Collected data:
------------

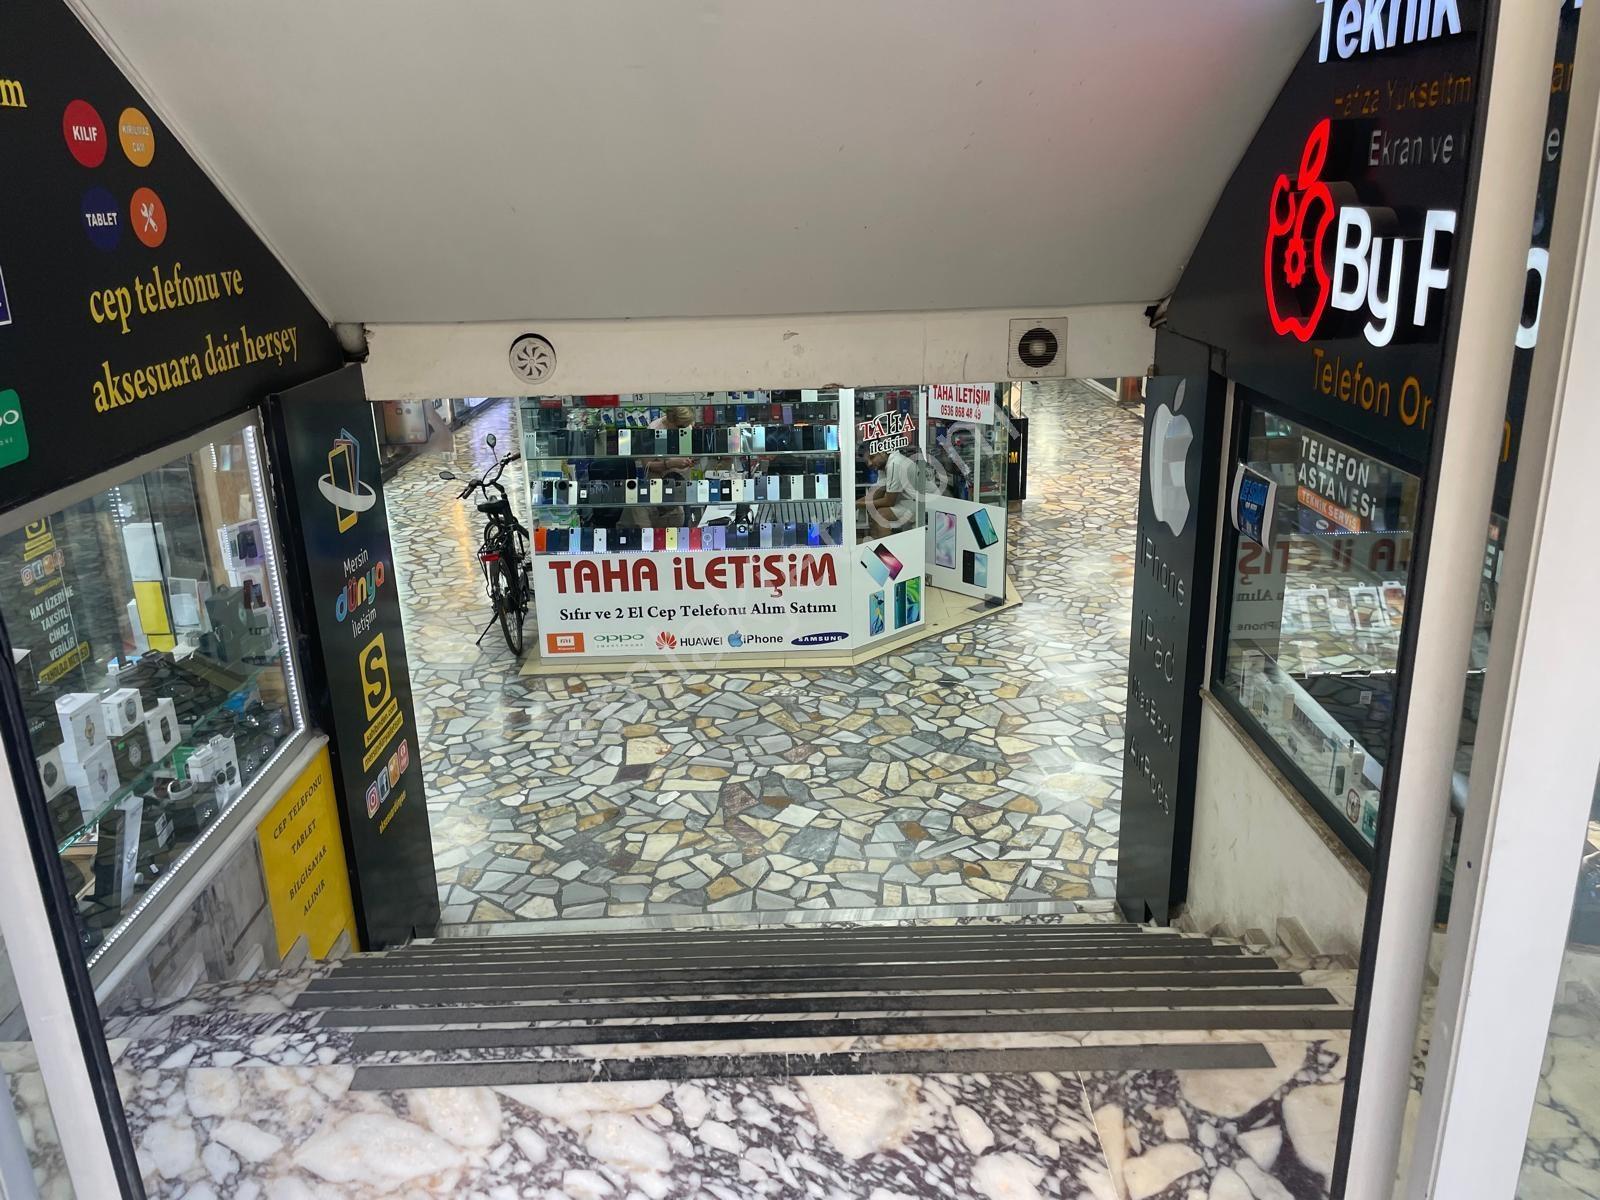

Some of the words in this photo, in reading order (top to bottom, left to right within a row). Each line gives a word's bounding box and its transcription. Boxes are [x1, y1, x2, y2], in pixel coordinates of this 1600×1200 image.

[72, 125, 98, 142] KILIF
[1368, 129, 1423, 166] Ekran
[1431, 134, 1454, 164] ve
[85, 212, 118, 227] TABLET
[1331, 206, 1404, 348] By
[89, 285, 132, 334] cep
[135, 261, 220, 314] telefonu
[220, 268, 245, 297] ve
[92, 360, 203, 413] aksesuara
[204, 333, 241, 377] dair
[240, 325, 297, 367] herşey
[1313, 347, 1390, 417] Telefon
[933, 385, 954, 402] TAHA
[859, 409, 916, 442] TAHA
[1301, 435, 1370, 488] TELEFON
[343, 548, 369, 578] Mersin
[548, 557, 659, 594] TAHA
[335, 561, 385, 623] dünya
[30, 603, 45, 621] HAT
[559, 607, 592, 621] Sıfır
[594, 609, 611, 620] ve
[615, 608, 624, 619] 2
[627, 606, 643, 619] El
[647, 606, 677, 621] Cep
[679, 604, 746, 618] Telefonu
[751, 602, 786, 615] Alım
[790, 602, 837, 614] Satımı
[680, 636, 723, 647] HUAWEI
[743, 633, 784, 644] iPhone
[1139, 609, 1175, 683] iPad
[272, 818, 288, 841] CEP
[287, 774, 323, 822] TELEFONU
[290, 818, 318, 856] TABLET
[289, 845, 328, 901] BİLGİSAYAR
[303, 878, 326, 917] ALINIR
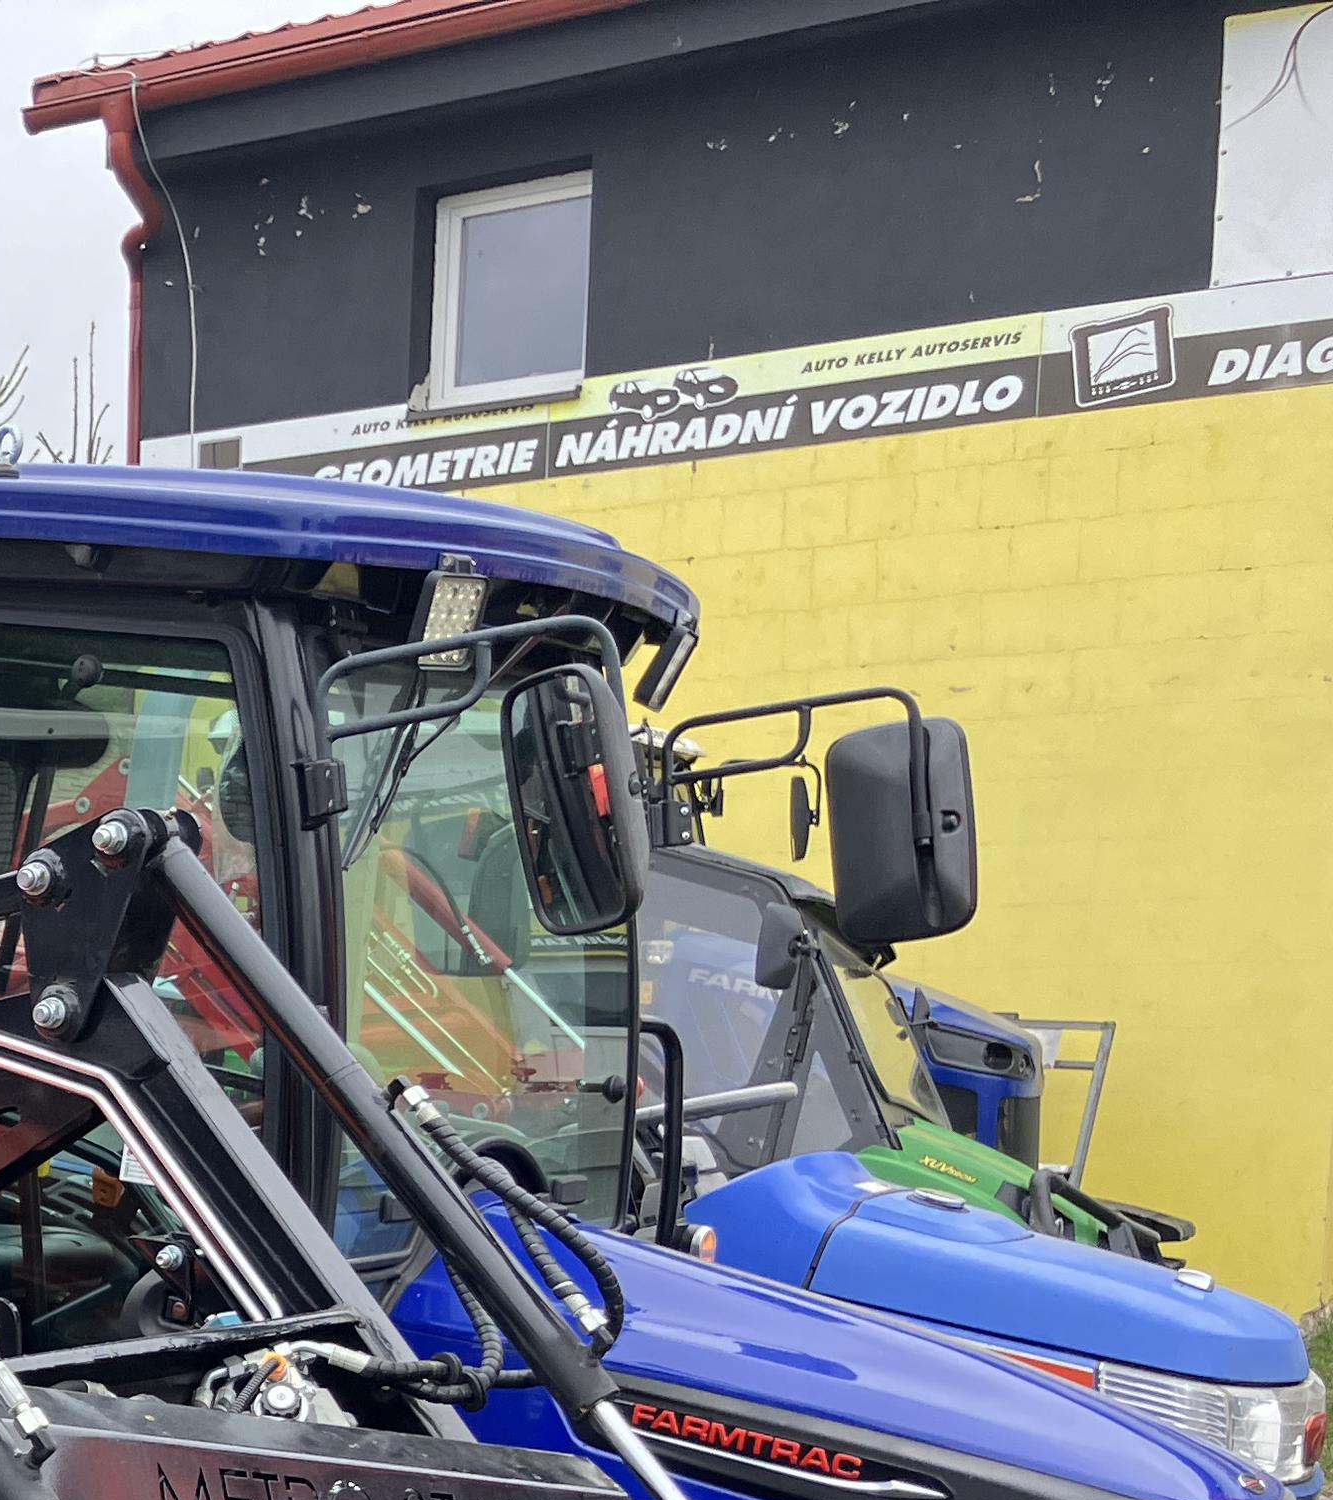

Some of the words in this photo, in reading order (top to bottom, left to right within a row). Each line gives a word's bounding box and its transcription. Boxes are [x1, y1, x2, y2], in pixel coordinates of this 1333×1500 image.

------------

• _Assignment_:
Every record is to be reproduced exactly, with no pictures included.

• _Task result_:
Some of the words in this photo, in reading order (top to bottom, left to right within a row). Each line gives a word's bounding box and its transcription. Boxes are [x1, y1, x2, y2], in pixel coordinates of this 1600×1200 image.

[72, 125, 98, 142] KILIF
[1368, 129, 1423, 166] Ekran
[1431, 134, 1454, 164] ve
[85, 212, 118, 227] TABLET
[1331, 206, 1404, 348] By
[89, 285, 132, 334] cep
[135, 261, 220, 314] telefonu
[220, 268, 245, 297] ve
[92, 360, 203, 413] aksesuara
[204, 333, 241, 377] dair
[240, 325, 297, 367] herşey
[1313, 347, 1390, 417] Telefon
[933, 385, 954, 402] TAHA
[859, 409, 916, 442] TAHA
[1301, 435, 1370, 488] TELEFON
[343, 548, 369, 578] Mersin
[548, 557, 659, 594] TAHA
[335, 561, 385, 623] dünya
[30, 603, 45, 621] HAT
[559, 607, 592, 621] Sıfır
[594, 609, 611, 620] ve
[615, 608, 624, 619] 2
[627, 606, 643, 619] El
[647, 606, 677, 621] Cep
[679, 604, 746, 618] Telefonu
[751, 602, 786, 615] Alım
[790, 602, 837, 614] Satımı
[680, 636, 723, 647] HUAWEI
[743, 633, 784, 644] iPhone
[1139, 609, 1175, 683] iPad
[272, 818, 288, 841] CEP
[287, 774, 323, 822] TELEFONU
[290, 818, 318, 856] TABLET
[289, 845, 328, 901] BİLGİSAYAR
[303, 878, 326, 917] ALINIR

Some of the words in this photo, in reading order (top to bottom, left to right within a row). Each line gives a word's bounding box and its transcription. Boxes are [x1, y1, x2, y2], in pixel coordinates of this 1333×1500 image.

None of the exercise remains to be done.